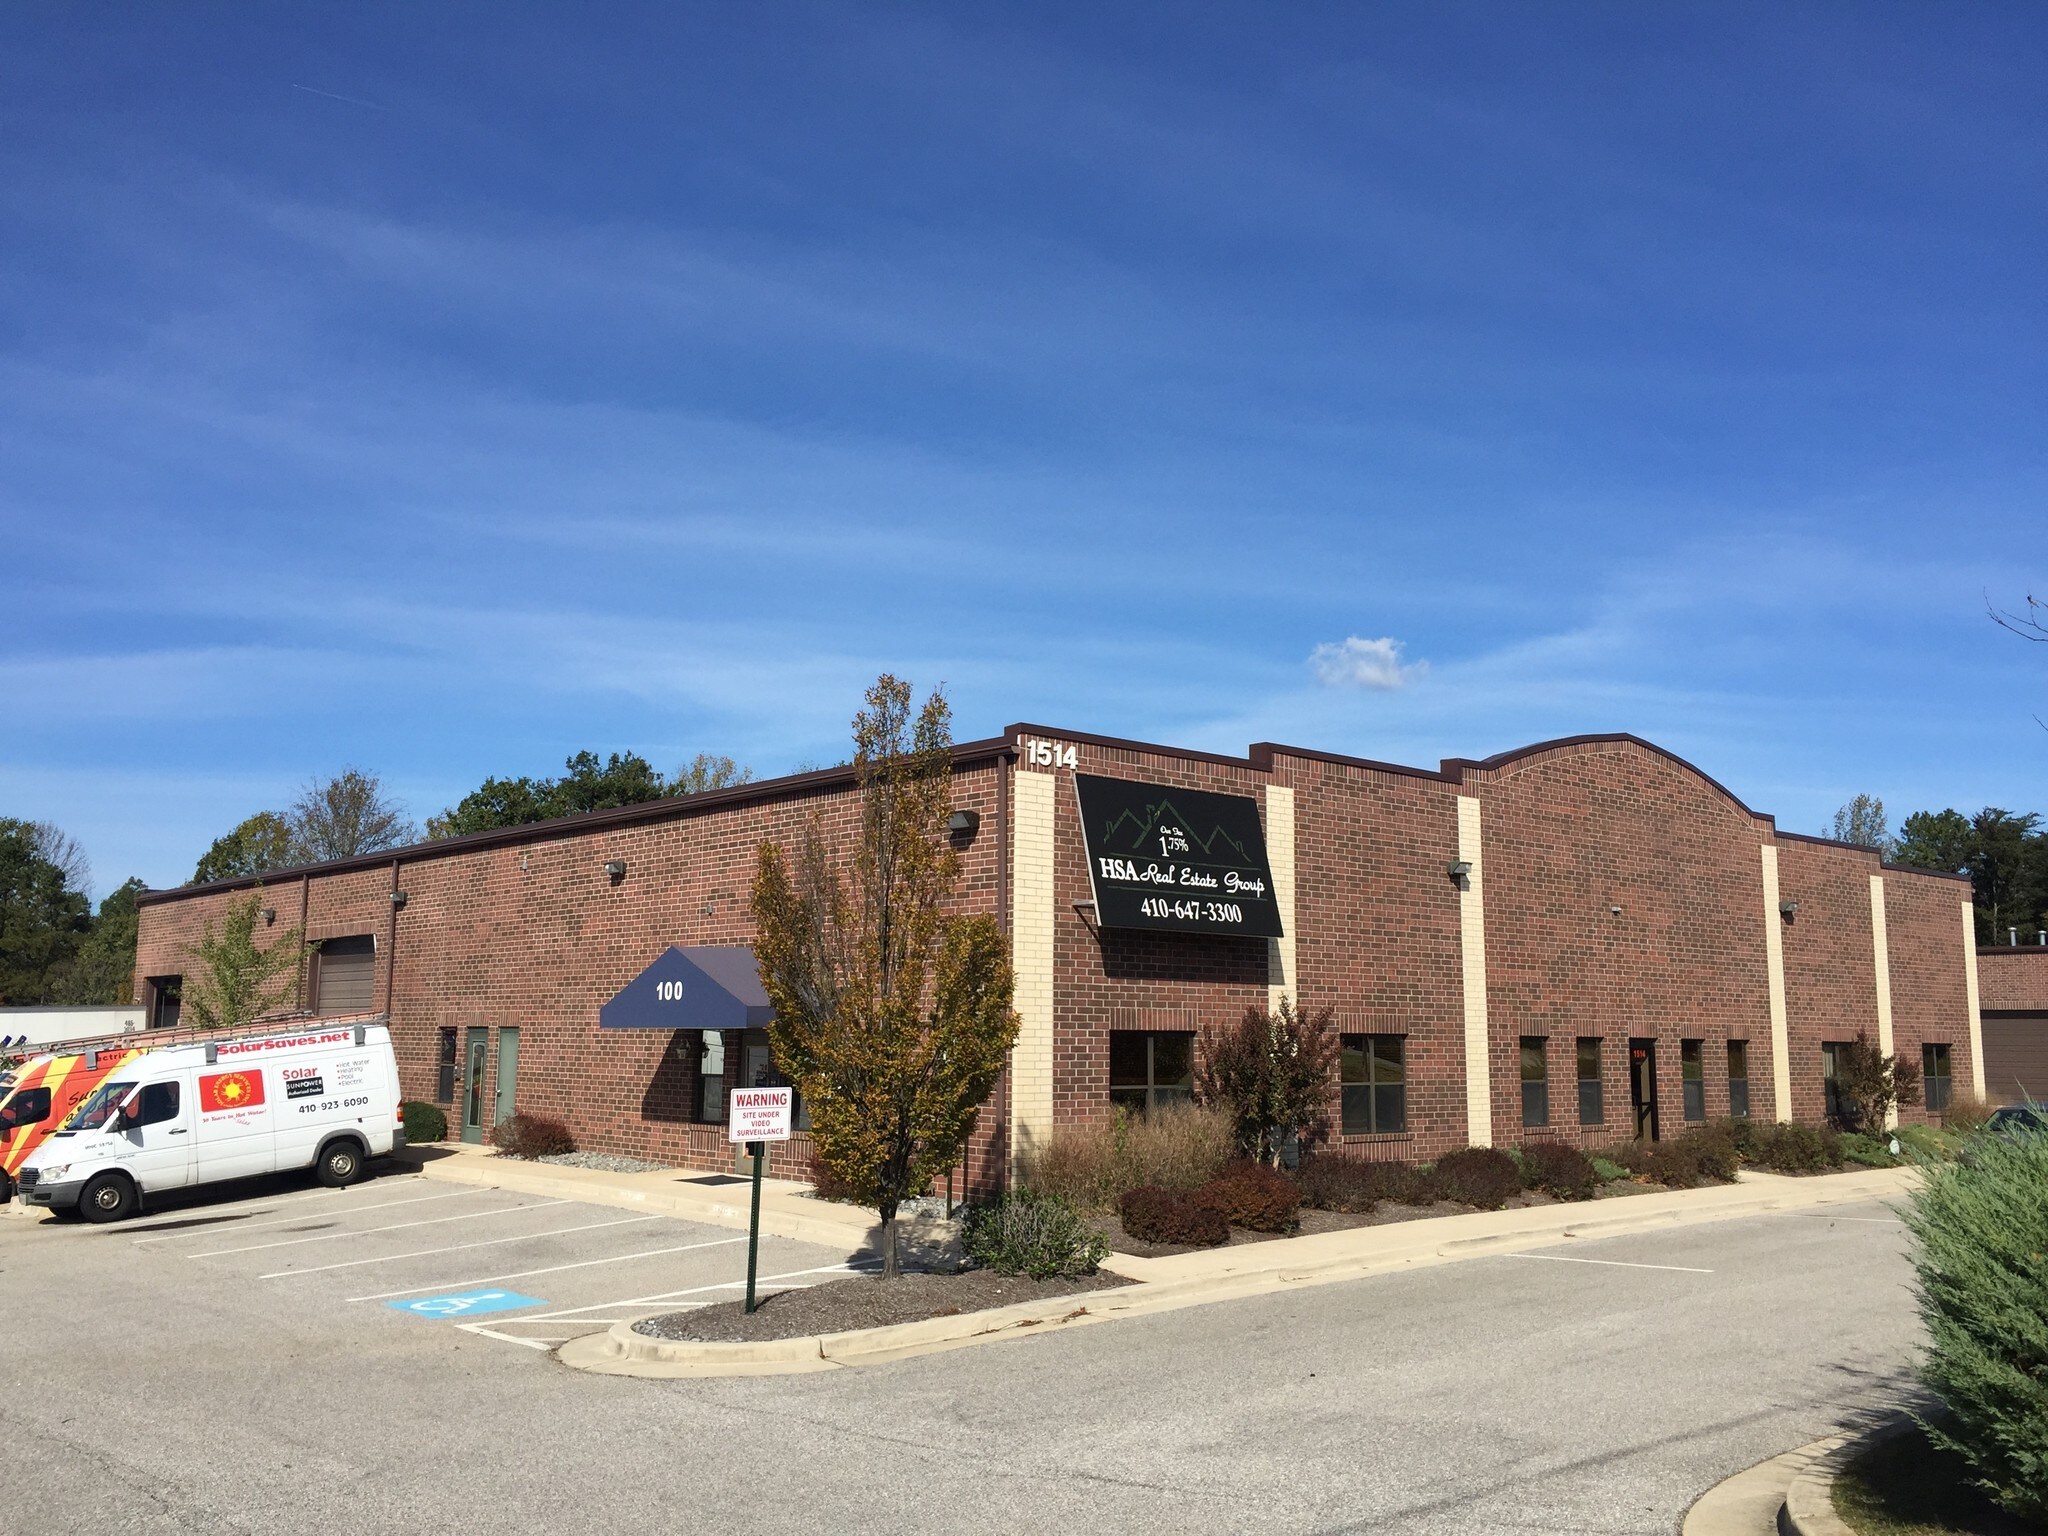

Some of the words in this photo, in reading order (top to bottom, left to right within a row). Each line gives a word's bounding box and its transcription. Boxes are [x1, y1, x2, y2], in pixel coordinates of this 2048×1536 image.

[1027, 739, 1078, 769] 1514
[1159, 836, 1189, 857] 1.75%
[1099, 858, 1140, 881] HSA
[1140, 864, 1176, 885] Real
[1180, 868, 1218, 888] Estate
[1224, 871, 1265, 898] Group
[1141, 898, 1242, 923] 410-647-3300
[656, 981, 683, 1001] 100
[217, 1031, 350, 1055] SolarSaves.net
[282, 1066, 318, 1080] Solar
[287, 1079, 322, 1089] SUNPOWER
[299, 1096, 369, 1113] 410-923-6090
[736, 1093, 787, 1107] WARNING
[742, 1111, 756, 1119] SITE
[737, 1128, 784, 1136] SURVEILLANCE

- **WHAT YOU WILL DO**
Print the records again exactly, pictures excluded.

- **TASK RESPONSE**
Some of the words in this photo, in reading order (top to bottom, left to right within a row). Each line gives a word's bounding box and its transcription. Boxes are [x1, y1, x2, y2], in pixel coordinates of this 2048×1536 image.

[1027, 739, 1078, 769] 1514
[1159, 836, 1189, 857] 1.75%
[1099, 858, 1140, 881] HSA
[1140, 864, 1176, 885] Real
[1180, 868, 1218, 888] Estate
[1224, 871, 1265, 898] Group
[1141, 898, 1242, 923] 410-647-3300
[656, 981, 683, 1001] 100
[217, 1031, 350, 1055] SolarSaves.net
[282, 1066, 318, 1080] Solar
[287, 1079, 322, 1089] SUNPOWER
[299, 1096, 369, 1113] 410-923-6090
[736, 1093, 787, 1107] WARNING
[742, 1111, 756, 1119] SITE
[737, 1128, 784, 1136] SURVEILLANCE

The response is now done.